Faisal Saleh, a Palestinian-American entrepreneur, is no stranger to taking on ambitious ideas and turning them into success stories. With years of experience in business and consulting, including as a business owner, his latest project is already under way: PalestineMuseum.US, the first permanent Palestinian museum in the United States, located in Woodbridge, Connecticut.
Born only three years after his family was displaced from Salama, east of Yafa, as a result of Israel’s establishment in 1948, the Nakba to Palestinians, Saleh recently began to wonder what life was like before then, and what it would have been like had his family not been forced to flee marauding Zionist gangs. For nearly 40 years since his undergraduate years at Oberlin College, these questions seemed distant as Saleh was preoccupied with work and life in America. But, with interest in Palestinian history and culture growing among American audiences, he feels it is time to give back.
“I believe the Palestinian story has never been told right in the U.S.,” Saleh explained. And so, answering those once-distant questions is a cornerstone of the mission of the museum: to research and preserve Palestinian history and to tell the Palestinian story, before and after the Nakba, in a compelling way. “We can communicate our story using our culture, art, and our literature,” he added.

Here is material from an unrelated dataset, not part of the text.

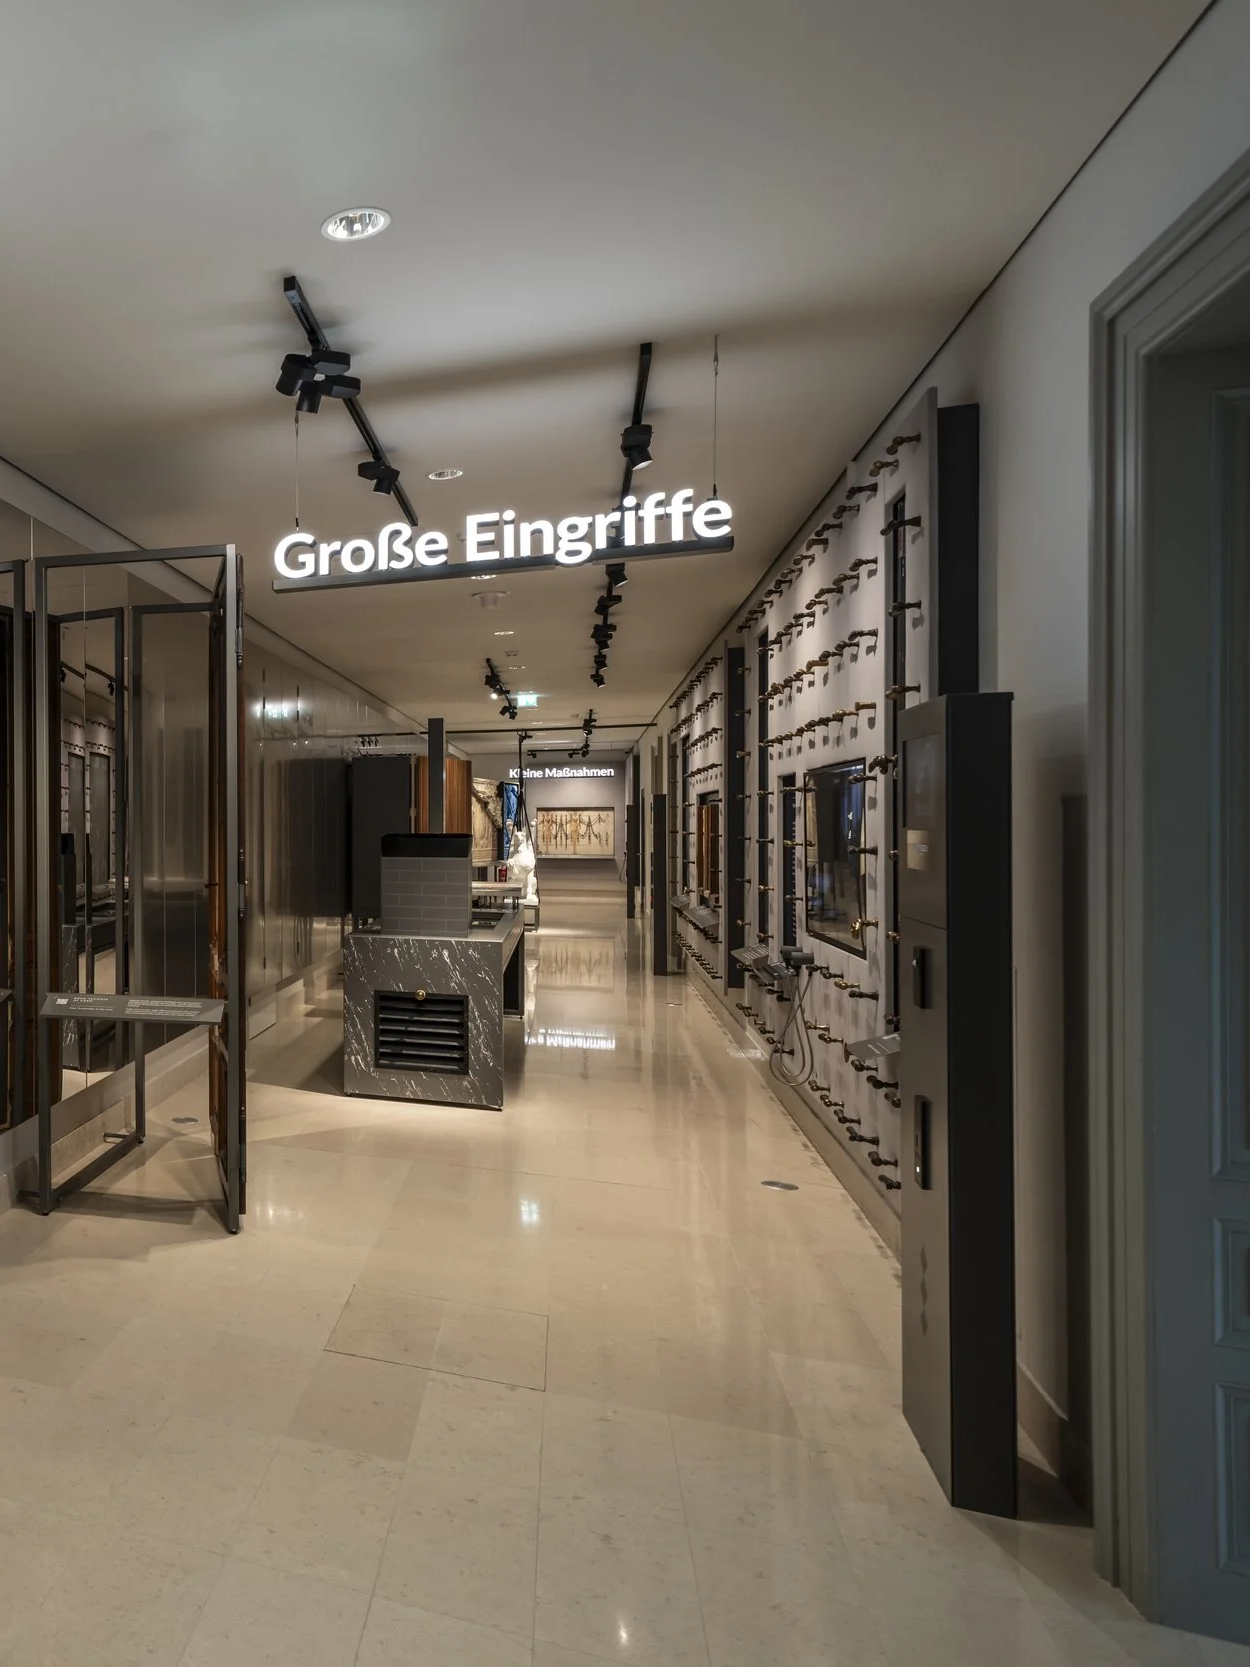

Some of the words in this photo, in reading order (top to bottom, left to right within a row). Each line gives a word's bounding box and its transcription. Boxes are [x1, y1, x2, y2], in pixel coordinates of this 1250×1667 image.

Too often, Saleh feels, Palestinian history is on display for people other than Palestinians themselves, something which can be remedied by nurturing the connection of diasporic Palestinians to their homeland. He hopes the PalestineMuseum.US will become a space where Palestinians can be proud of their history. “We want every Palestinian to feel that they belong,” he continued.
Set up as a nonprofit institution, the PalestineMuseum.US is located in a 4,000-square foot space comprising seven distinct galleries. “It’s a modest space, but it’s a good start as the nucleus of the museum,” Saleh commented, and construction is on schedule for completion by mid-November.
Simultaneously, Saleh is working on finalizing three exhibits for the museum’s opening.
The first exhibit features Manal Deeb, a Palestinian-American artist who draws inspiration for her contemporary paintings from diasporic poetry. The exhibit, “Heart/Homeless,” recreates an acyclic image of Palestinians in diaspora through layers of Arabic calligraphy, paint, and fabric. This multilayered approach conveys a sense of the varied identities and complex realities Palestinians navigate as their stories unfold.
The complexity of these realities is perhaps most evident in the plight of Palestinian refugees, the subject of the second exhibit, “Marking Time,” highlighting the work of Margaret Olin, a senior research scholar at Yale University’s with joint appointments the Departments of Religious Studies and of History and Art. Within this intersection of history, religion, and art, Olin has explored visual and photographic practices in both Israel and Palestine. “Marking Time” is a selection of photos she has taken during time spent at the Dheisheh and Arroub refugee camps in the West Bank. The exhibit features many murals painted across the narrow streets of the camps that explore political and historical circumstances giving rise to their production by often anonymous street artists. Indeed, murals have been a staple means to popularize the Palestinian story and the resistance struggle.
Last but not least, the third opening exhibition, “Pre-Nakba Palestine, 1898-1948,” features a photographic portrait of life in Palestine before the creation of the state of Israel and the concurrent expulsion of Palestinians from their homeland. Relying on photographic archives from private and public collections, the exhibit promises to captivate viewers as they gain insight into Palestinian life during this often forgotten period. One such collection is Before Their Diaspora, a narrative-in-pictures comprising nearly 500 photographs that, together, reveal the rich fabric of Palestinian history. Another resource Saleh is utilizing is the American Colony Collection, which comprises over 20,000 photographs from that period.
In addition to working with historiographers and artists, Saleh has also started to seek out opportunities to cooperate with the Palestine Museum in the West Bank and the Museum of Natural History in Bethlehem, among others. In establishing these relationships, Saleh’s goal is to ensure that diasporic Palestinians as well as Americans have an opportunity to view works by Palestinians based at home through PalestineMuseum.US.
No doubt, these are all ambitious goals and much work is ahead, but Saleh is both optimistic and confident. “Everyone I talked to about PaletineMuseum.US is excited,” he said. In fact, he is often asked why a project like this hadn’t already seen the light of day.